:: Work to be completed ::
When you write out the listing, keep each word exactly as it stands but include none of its images.

───

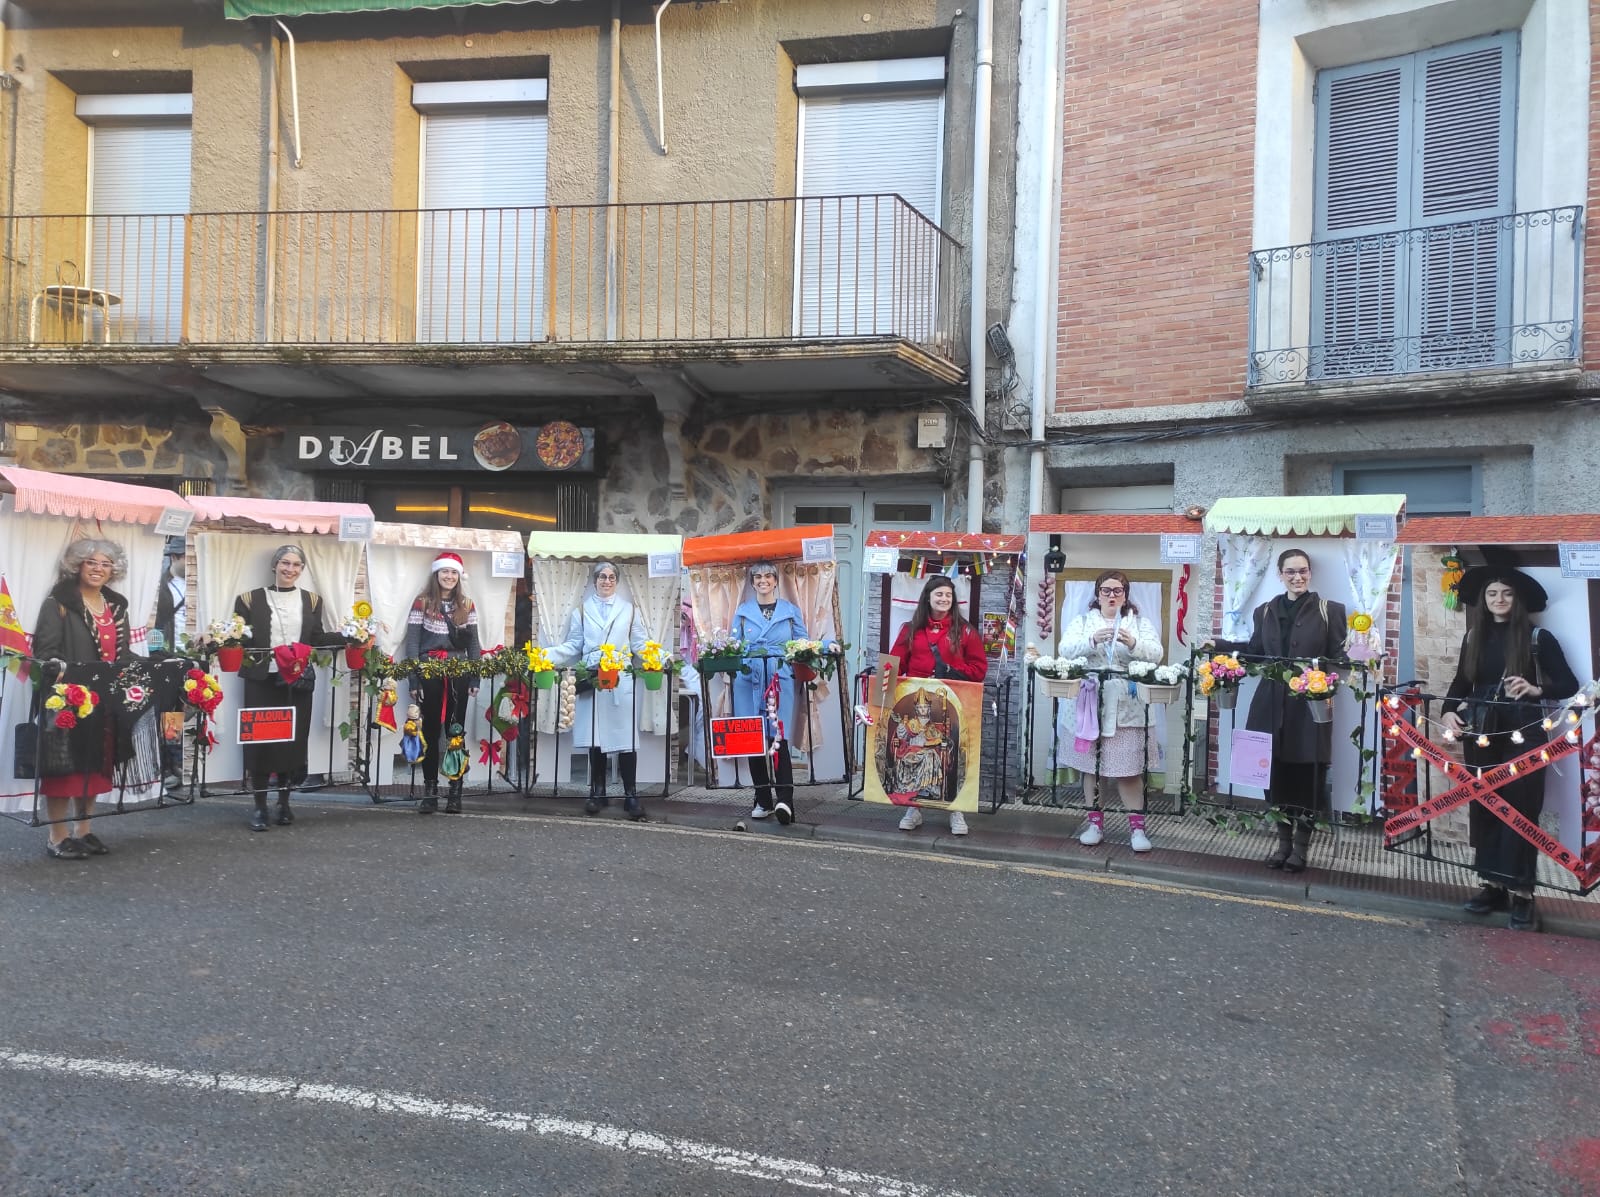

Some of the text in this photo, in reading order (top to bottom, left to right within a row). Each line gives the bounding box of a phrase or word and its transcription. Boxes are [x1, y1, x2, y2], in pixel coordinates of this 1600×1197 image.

[298, 429, 458, 466] DIABEL
[241, 710, 291, 723] SE ALQUILA
[713, 719, 762, 733] SE VENDE
[1406, 728, 1558, 854] WARNING! WARNING!
[1432, 786, 1472, 811] WARNING!

───

:: Task result ::
Some of the text in this photo, in reading order (top to bottom, left to right within a row). Each line gives the bounding box of a phrase or word and its transcription. Boxes are [x1, y1, x2, y2], in pixel coordinates of this 1600×1197 image.

[298, 429, 458, 466] DIABEL
[241, 710, 291, 723] SE ALQUILA
[713, 719, 762, 733] SE VENDE
[1406, 728, 1558, 854] WARNING! WARNING!
[1432, 786, 1472, 811] WARNING!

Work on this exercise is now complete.